Casey Craig, LCSW - Therapist at Grow Therapy

Casey Craig

Casey Craig

(she/her)

LCSW
10 years of experience
Virtual

Many people come to therapy recognizing that certain patterns are no longer serving them, but often feel stuck and unsure of where to begin. I understand that starting therapy can feel vulnerable and that creating change takes time. I am here to support my clients in a compassionate and respectful way, moving at a pace that feels right for each individual. I specialize in helping individuals heal from childhood and family trauma, overcome relationship challenges, and develop effective skills to cope with anxiety, stress, and depression. In my practice, I take a relational, trauma-informed approach, drawing on attachment theory and modern neuroscience to create a safe space where clients can show up as their authentic selves and truly feel understood and accepted. Within the safety of a trusting therapeutic relationship, I work collaboratively with clients to help them gain deeper insight into their behaviors and relationship patterns, manage strong emotions, reprocess past trauma, improve communication skills, and establish healthy boundaries. Through this process, clients can expect to build self-compassion, restore their ability to trust, and cultivate a sense of calm and security within themselves and their relationships.

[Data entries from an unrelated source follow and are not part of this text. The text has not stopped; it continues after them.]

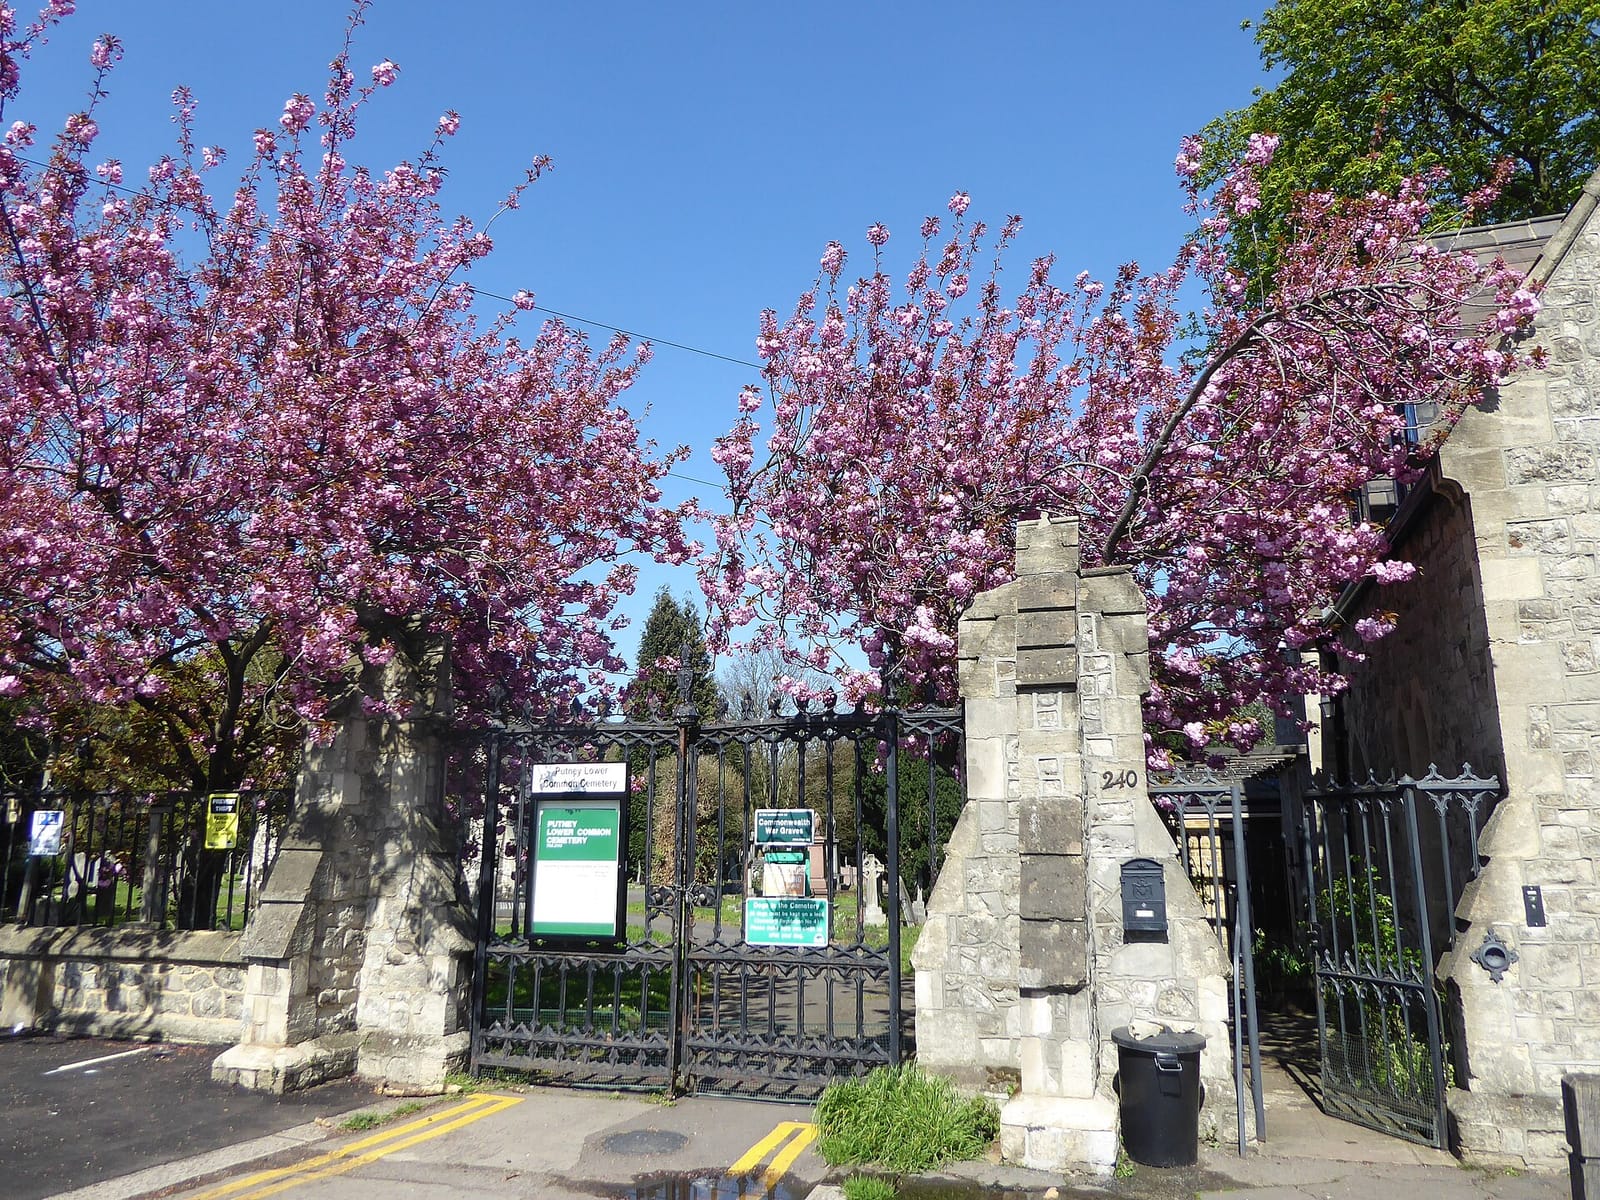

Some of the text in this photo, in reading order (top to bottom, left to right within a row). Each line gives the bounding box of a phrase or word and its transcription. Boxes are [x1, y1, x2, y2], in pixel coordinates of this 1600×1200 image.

[555, 766, 608, 776] Putney Lower
[543, 778, 617, 789] Common Cemetery
[1102, 769, 1138, 790] 240
[547, 820, 577, 828] PUTNEY
[758, 818, 811, 826] Commonwealth
[546, 828, 612, 836] LOWER COMMON
[765, 826, 804, 835] War Graves
[546, 836, 588, 844] CEMETERY
[790, 902, 820, 911] Cemetery

What can clients expect to take away from sessions with you?

In our work together, you can expect a relaxed and empathetic environment. In our first session, we’ll take the time to get to know each other and discuss what brought you to therapy, as well as what you hope to achieve. I will ask questions to understand your needs and goals, and will tailor our approach to suit your unique journey. While it’s normal to feel a bit nervous at first, my goal is for you to feel hopeful about the healing process ahead.

Explain to clients what areas you feel are your biggest strengths.

I am intentional about showing up as my true self, bringing a warm and authentic presence to the therapy room. I understand the courage it takes to confront deep wounds, and that compassion shapes how I approach therapy. I’m here to remind you that while the journey may be challenging, healing is not only possible, it is within your reach.

Describe the client(s) you are best positioned to serve.

I work well with individuals who are curious about themselves and their relationships, as well as those who are highly sensitive or identify as empaths. Many of my clients tend to be high achievers, perfectionists, or professionals who may be starting to notice signs of burnout or unmanaged stress. I also work with many individuals in caregiver roles and those who focus on others but often neglect to care for themselves. I am especially passionate about helping people who struggle with patterns of people-pleasing, codependency, or insecure attachment.

Appointments

Virtual

My treatment methods

Cognitive Behavioral (CBT)

Cognitive behavioral therapy (CBT) is a type of therapy that helps people recognize and change negative thought patterns. Stressful life events and family of origin dynamics can shape our brains to think negatively. I use CBT techniques to help clients recognize and challenge limiting beliefs, replacing them with healthier, more realistic thoughts. This process promotes emotional resilience and empowers clients to approach life with a more balanced perspective.

EMDR

Eye Movement Desensitization and Reprocessing (EMDR) is an effective treatment for healing emotional distress caused by traumatic experiences. I completed EMDR training through the EMDR Institute and have seen successful outcomes with clients using EMDR, even in a telehealth setting.

Polyvagal Therapy

Polyvagal theory helps us understand how our nervous system responds to stress and trauma, and how these reactions influence our emotions and behaviors. In therapy, I guide clients to better understand their nervous system, learn practical tools to regulate it, and shift out of survival states (like fight, flight, or freeze) so they can feel safer and more grounded in their bodies.

Attachment-based

Attachment-based therapy focuses on how our early relationships shape our perceptions and the way we relate to others in adulthood. If we form an insecure attachment style, we may develop unhelpful ways of viewing the world, others, and ourselves. The goal is to help individuals develop more secure attachments and resolve patterns of behavior rooted in attachment-related trauma or unmet emotional needs, such as clinginess, jealousy, trust issues, or intimacy avoidance. I use psychoeducation to help clients understand attachment theory, combined with techniques like parts work and inner child work, to guide them in identifying unmet attachment needs and developing the resources to meet those needs in the present day.